Given its merging of renting with single-family home lifestyles, BTR represents a bridge for Millennials to home ownership.
However, it’s not just Millennials propelling the trend, Cushman & Wakefield points out. BTR demand will also be driven by downsizing.
Baby Boomers will seek an intermediate step between houses where they raised families and apartments or senior communities. As well, there exists a burgeoning population of “pet parents,” some of whom helped make up the 20 percent of U.S. households adopting pandemic pets. Cutting across generations, these folks will seek greater room for their four-legged friends to roam.
Other factors
Among the many additional catalysts of BTR expansion is the growth of major cities’ exurbs, which Cushman & Wakefield reports saw the greatest inbound migration in 2022 and 2023. There, more abundant land exists for rental communities offering the kind of living area associated with single-family home communities.
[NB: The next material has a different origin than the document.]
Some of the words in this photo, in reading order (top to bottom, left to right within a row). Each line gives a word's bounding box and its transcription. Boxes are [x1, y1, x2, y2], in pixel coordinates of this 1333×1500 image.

Given its suburban community appearance, BTR also answers the need for rental housing in areas and municipalities across the U.S., including development-friendly states, that have looked with less favor on traditional multifamily rental complexes.
Of course, the increasingly prohibitive cost of home ownership remains likely the most compelling factor favoring BTR growth, Cushman & Wakefield reports. When the oldest Baby Boomers turned 44 in 1990, Boomers controlled 20 percent of the nation’s net worth. By contrast, when the oldest Millennials turned 43 last year, that generation represented only 6 percent of the nation’s net worth.
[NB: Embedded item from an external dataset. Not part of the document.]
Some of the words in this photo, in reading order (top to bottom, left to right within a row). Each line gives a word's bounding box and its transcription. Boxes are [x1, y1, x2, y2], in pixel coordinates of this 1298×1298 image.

Difficulty in cobbling together down payments combined with steadily climbing home costs will mean a longer tenure in rental housing for Millennials, according to the Cushman & Wakefield report.
Evolving segment
With continued growth of the BTR segment, the kind of communities being developed is evolving. So says Chris Yuko, director of development for Marquette Companies, which recently commenced construction on The Sylvan, a community with 300-single-family homes, townhomes and apartments in suburban Houston’s The Woodlands.
Developers “are being asked to cater to residents at various life stages and lifestyle levels,” says Yuko, adding that the range of housing types at The Sylvan reflects that dynamic. Care has also been taken in its design to replicate an established enclave.
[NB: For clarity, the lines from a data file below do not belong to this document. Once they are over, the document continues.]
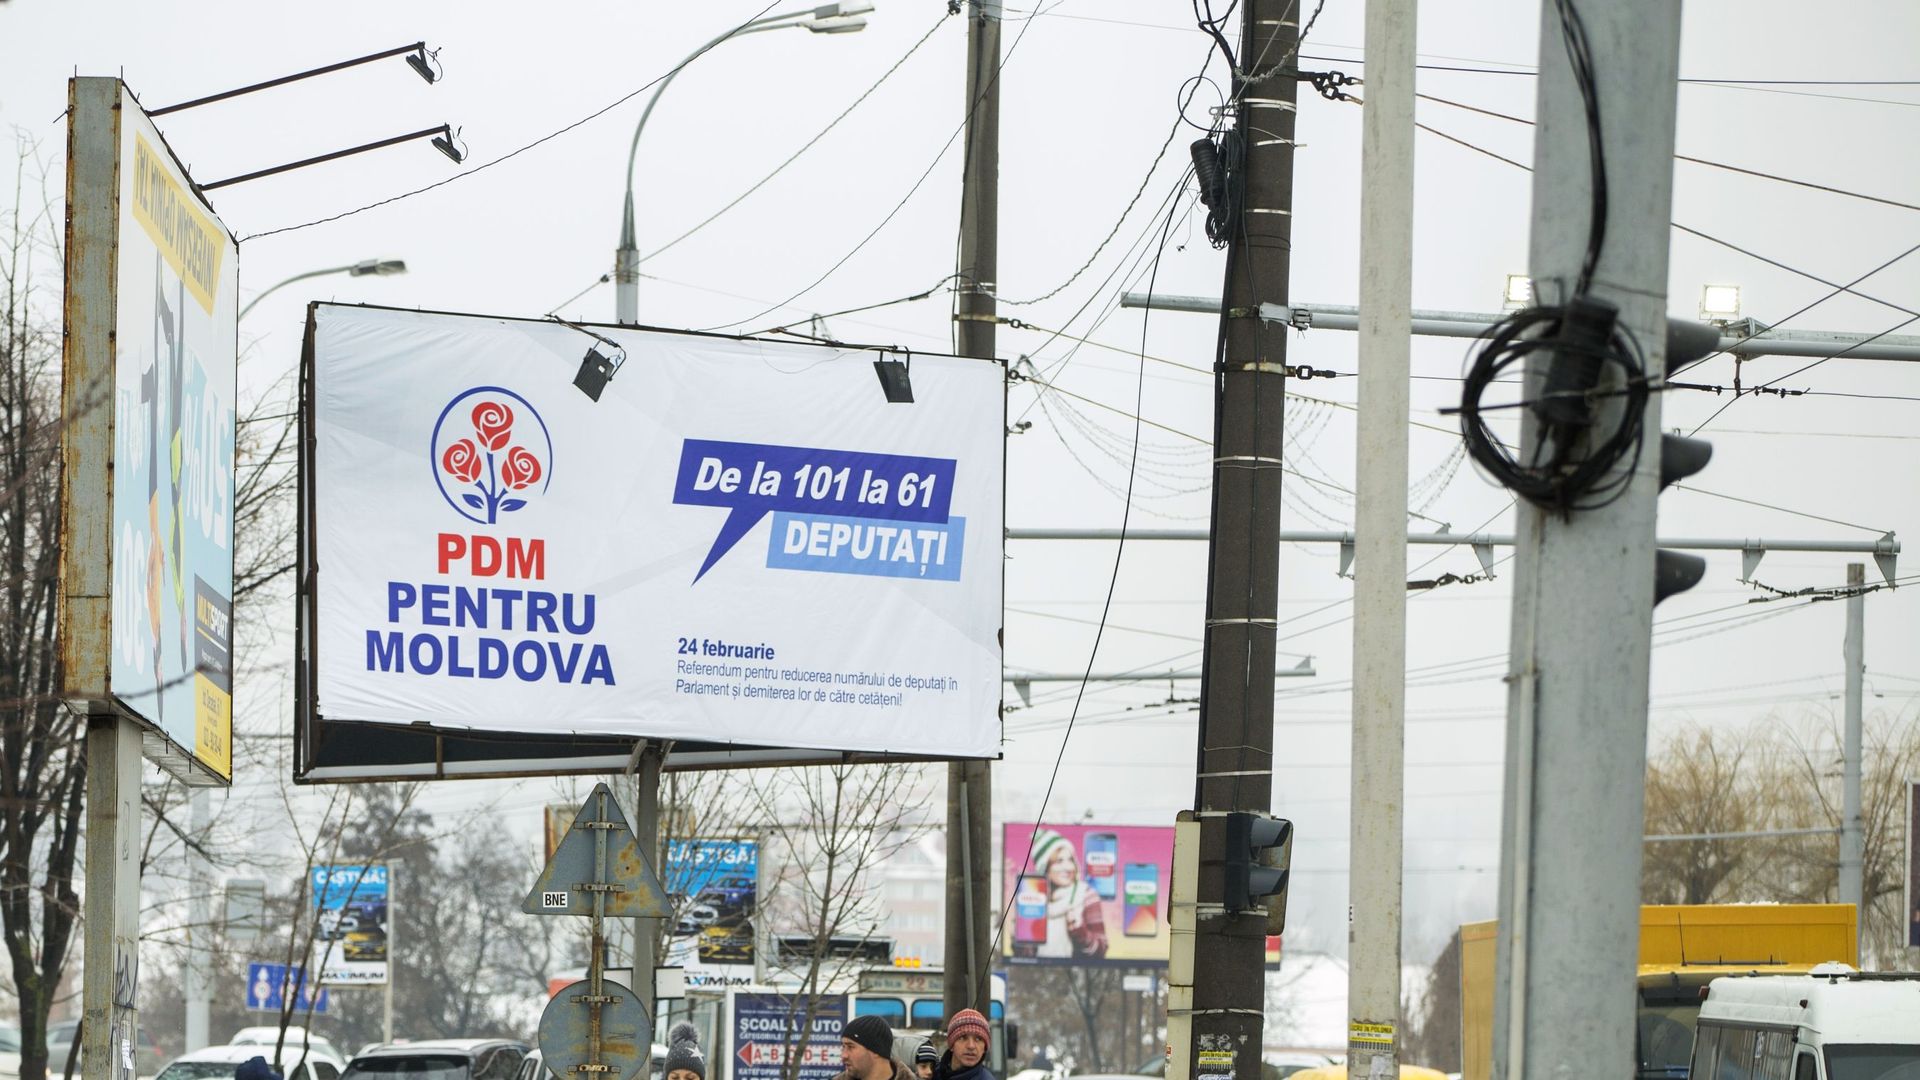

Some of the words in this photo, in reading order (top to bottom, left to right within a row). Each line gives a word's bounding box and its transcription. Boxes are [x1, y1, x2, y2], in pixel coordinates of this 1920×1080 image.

[693, 457, 742, 493] De
[749, 461, 782, 496] la
[794, 464, 851, 501] 101
[858, 470, 889, 504] la
[898, 472, 936, 508] 61
[437, 532, 545, 581] PDM
[784, 520, 948, 576] DEPUTAȚI
[388, 581, 596, 635] PENTRU
[366, 629, 616, 686] MOLDOVA
[678, 637, 698, 655] 24
[702, 639, 775, 660] februarie
[676, 679, 729, 696] Parlament
[732, 683, 741, 700] și
[743, 685, 795, 701] demiterea
[798, 687, 811, 701] lor
[814, 689, 826, 702] de
[829, 690, 855, 703] către
[858, 692, 903, 709] cetățeni!
[677, 660, 742, 677] Referendum
[744, 667, 778, 681] pentru
[781, 667, 832, 684] reducerea
[834, 672, 885, 687] numărului
[888, 674, 902, 688] de
[905, 675, 946, 694] deputați
[949, 677, 958, 691] în
[545, 894, 566, 906] BNE
[684, 976, 751, 986] AXIMUM
[802, 1019, 842, 1033] UTO
“Our overall landscaping plan, which preserves the natural landscape and forestation by retaining dozens of old-growth trees, enhances the architecture, giving the community the look and feel of a traditional neighborhood.”
Oswego, Ill. is an ideal example of open exurban area referenced in the Cushman & Wakefield report. There, national real estate and property development firm Lynd, possessor of an ever-larger portfolio of BTRs, is developing Home at Ashcroft, which features 178 one- and two-story houses with two-car garages, extended driveways, private yards and in select residences, basements. A focus of the community this year is a $2 million clubhouse with fitness center, yoga area and outdoor swimming pool.
“In addition to fostering healthy bodies, minds and spirits, Lynd’s wellness programming turns neighbors into friends and developments into communities,” says Anthony Tiritilli, president of development. “It’s the ultimate amenity.”
Managing a BTR property requires different skills than overseeing traditional rental communities. So says Diana Pittro, executive vice president of RMK Management Corp., with 38 properties and more than 8,800 units under management in Midwestern states. For instance, BTRs’ budgets and expenses are different from those of apartment communities.
Greater numbers of dollars are allocated to landscaping and groundskeeping in larger BTR developments, less to corridors, elevators and amenity spaces associated with apartment towers or garden-style rental communities.
Look for “demographic tailwinds” to keep BTR numbers climbing higher, the Cushman & Wakefield report concludes. “The average prospective home buyer can afford 34 percent less house than just two years ago, all while home prices continue to climb,” author Sam Tenenbaum wrote in December. “Given these circumstances, the case for build-to-rent is clearly a compelling option in today’s market.”